It's fashionable in some circles to proclaim that the way to success is to break the rules.
Not always.
In engineering, sometimes you have to follow the rules—the internal ones, the corporate procedures that dictate how a design moves through an organization from concept to shipped product.
There are plenty of those rules, from configuration control to the way you get a part number. But, says Maurice King, a lot of engineers don't follow them. Those who don't are dragging their companies down.
King knows what he's talking about. A mechanical design engineer early in his career, he migrated to manufacturing, and over the last quarter century has held key manufacturing and engineering positions at three companies, and also worked as a consultant. Today, he runs manufacturing at a New England-based marine-equipment supplier.
"Engineers are the top dogs in most companies," King says. But he believes that too often they view other internal functions as obstacles.
Anyone who takes that view fails his companies and himself, and is arrogant.
The arrogance can show itself in many ways. One example: The assignment of part numbers. King has seen many instances where engineers create new part numbers when they start a project despite the fact that the company may already have part numbers for the components they want to use. It's easier than looking up the existing number, but it adds confusion, duplication, cost, and slows down production.
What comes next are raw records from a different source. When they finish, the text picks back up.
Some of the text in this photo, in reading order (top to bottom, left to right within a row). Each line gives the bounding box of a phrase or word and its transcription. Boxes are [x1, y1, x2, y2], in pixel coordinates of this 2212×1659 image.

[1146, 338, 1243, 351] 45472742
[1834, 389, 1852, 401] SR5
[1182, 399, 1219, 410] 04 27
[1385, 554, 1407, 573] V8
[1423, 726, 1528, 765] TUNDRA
And then there's manufacturing as a whole. Despite the move to concurrent engineering, many engineers, he says, still don't try to anticipate manufacturing problems in their designs.
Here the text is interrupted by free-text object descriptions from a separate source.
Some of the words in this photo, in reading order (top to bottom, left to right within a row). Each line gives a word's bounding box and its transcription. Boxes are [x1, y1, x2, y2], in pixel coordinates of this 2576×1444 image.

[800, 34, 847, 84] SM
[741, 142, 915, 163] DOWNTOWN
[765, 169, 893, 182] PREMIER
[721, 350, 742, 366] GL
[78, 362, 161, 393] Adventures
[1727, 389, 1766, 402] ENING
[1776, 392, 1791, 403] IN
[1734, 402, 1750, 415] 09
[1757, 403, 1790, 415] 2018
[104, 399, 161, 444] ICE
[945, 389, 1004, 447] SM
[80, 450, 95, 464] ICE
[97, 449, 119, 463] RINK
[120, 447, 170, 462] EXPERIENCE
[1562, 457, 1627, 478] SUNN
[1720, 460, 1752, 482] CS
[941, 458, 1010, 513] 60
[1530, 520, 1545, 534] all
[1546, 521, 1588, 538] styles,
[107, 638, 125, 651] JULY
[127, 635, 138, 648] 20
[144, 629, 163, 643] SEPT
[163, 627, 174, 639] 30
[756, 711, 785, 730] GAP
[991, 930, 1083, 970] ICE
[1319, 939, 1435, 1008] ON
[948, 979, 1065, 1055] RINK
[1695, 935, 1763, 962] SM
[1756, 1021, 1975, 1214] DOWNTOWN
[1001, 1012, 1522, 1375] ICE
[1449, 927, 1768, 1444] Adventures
In some ways, that same arrogant attitude permeates many other departments in manufacturing companies, from marketing to research and development. But, engineers, as the people closest to the product, should be better than that. They should set the example for efficient teamwork. If not them, who?
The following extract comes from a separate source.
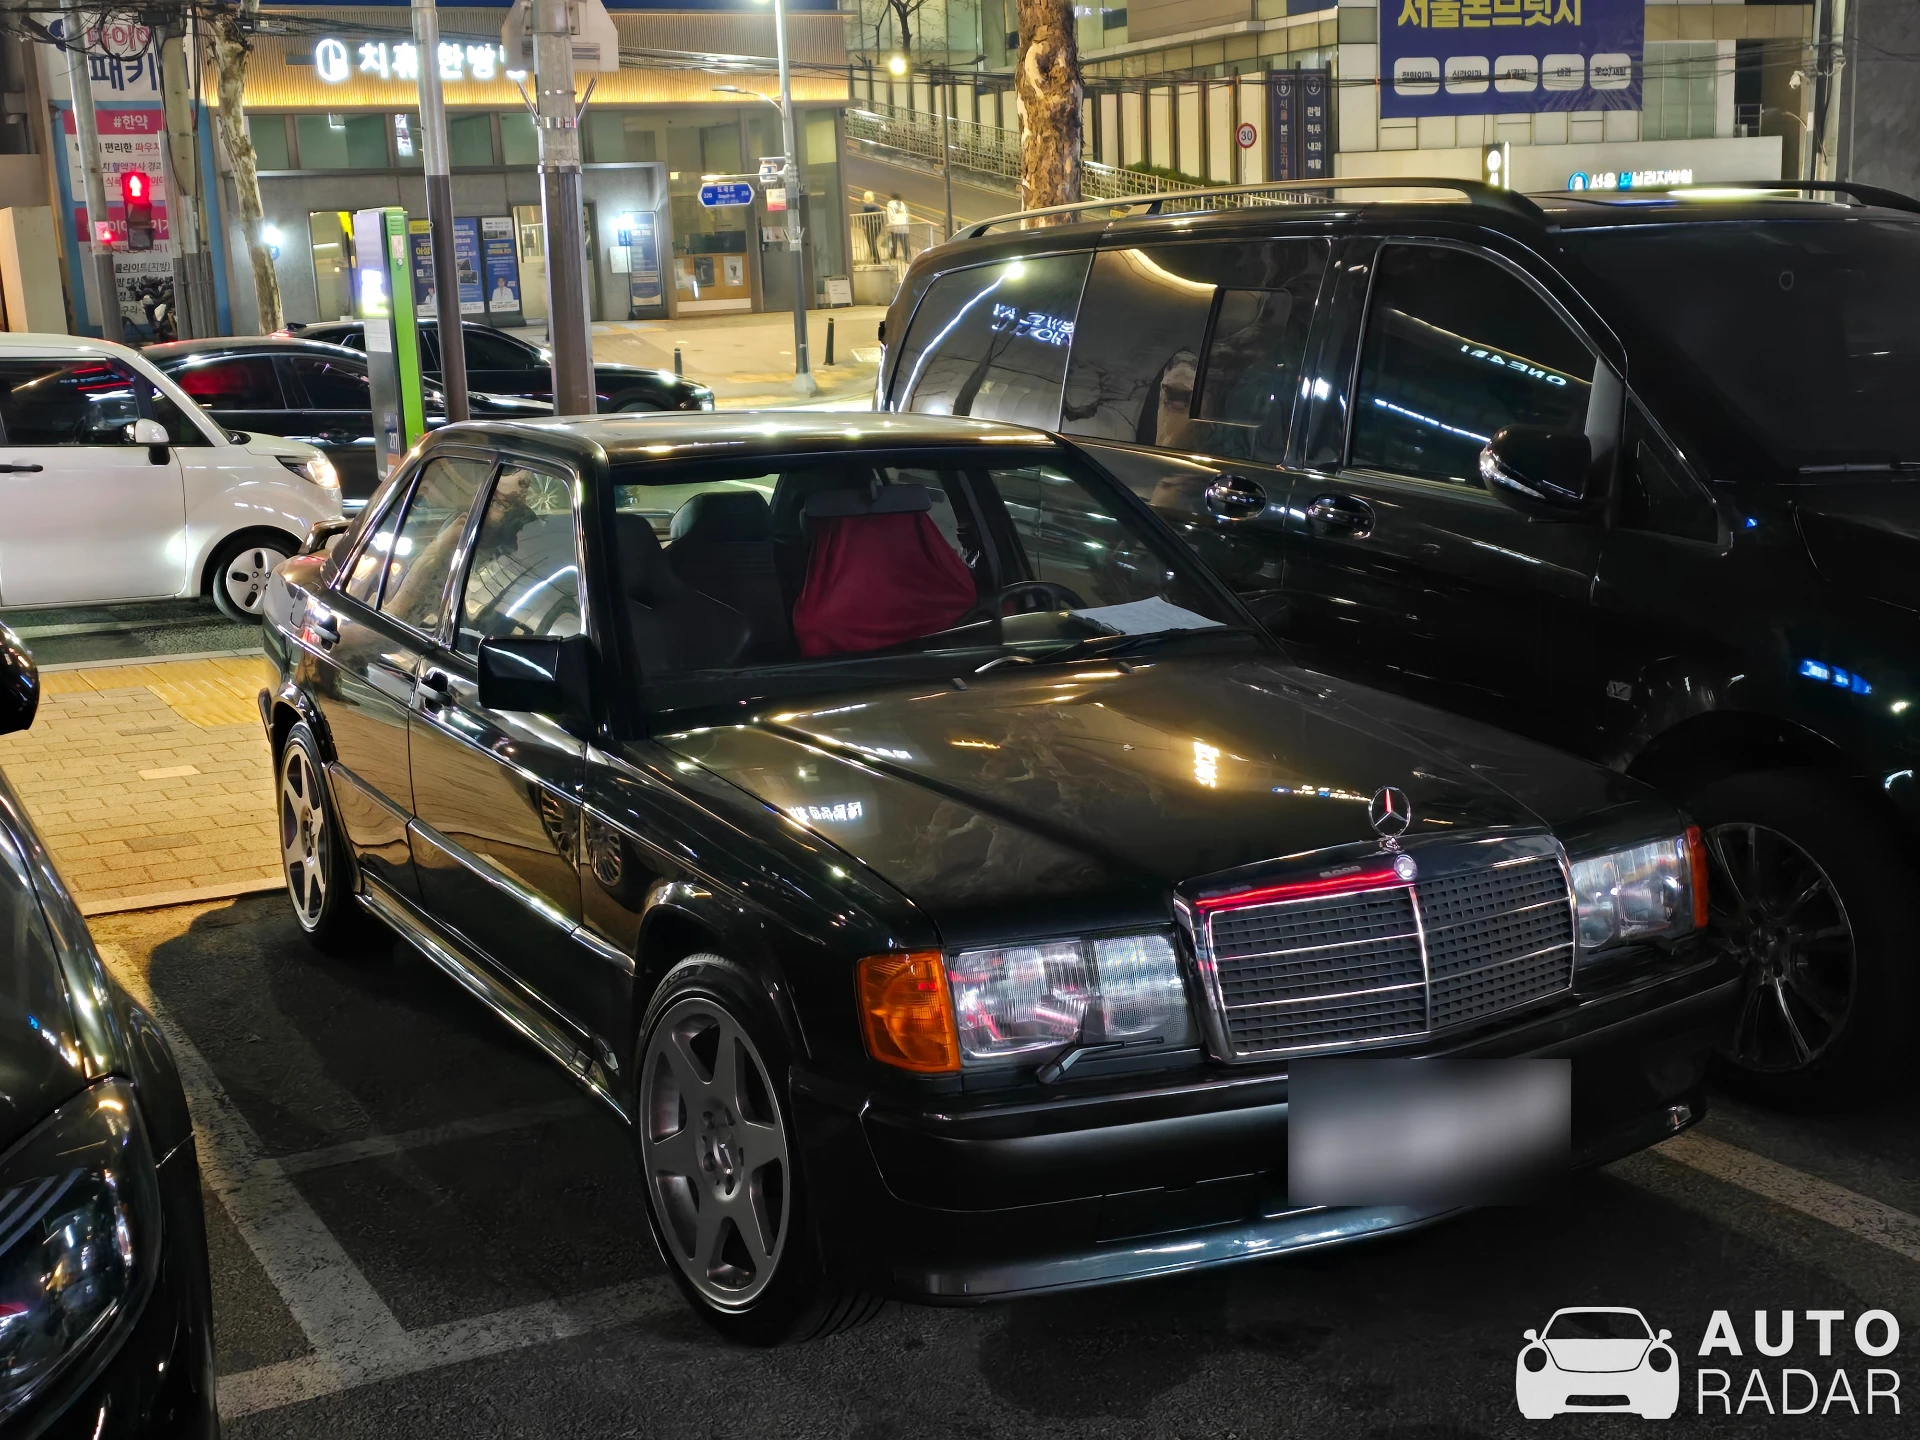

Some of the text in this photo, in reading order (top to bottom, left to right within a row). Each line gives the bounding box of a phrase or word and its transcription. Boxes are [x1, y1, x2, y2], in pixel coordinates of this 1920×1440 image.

[113, 115, 148, 130] #한약
[1240, 130, 1253, 141] 30
[105, 142, 132, 153] 편리한
[1307, 142, 1322, 151] 내과
To be fair, engineers often get snubbed themselves, especially by sales departments that promise unrealistic design-and-build schedules. Sales and other departments that ignore engineering realities and needs are dead wrong. And so are engineers when they ignore other department's needs, and internal procedures intended to streamline product development. Some companies have found ways to get engineers more engaged. At Lake Mayo, FL-based Faro Technologies, where much of the manufacturing of the company's measurement products is outsourced, Electrical Engineering Manager Andy Helm reports that engineers meet regularly with contract manufacturers. "They give us good-practice design rules, and we follow them," he says. "We can't always do what they want, but we always ask what we have to tweak to make their job easier."
Krebs Engineers, Inc., a Tuscon, AZ manufacturer of separation equipment, goes a step further. "We act as project managers," says engineer Mark Holmberg. "We not only do the design, we coordinate approvals, inspections, the timing of suppliers, and make sure the product is manufactured correctly."
That might appeal to King. "Engineers should be the leaders," he says. And when they are, the company prospers.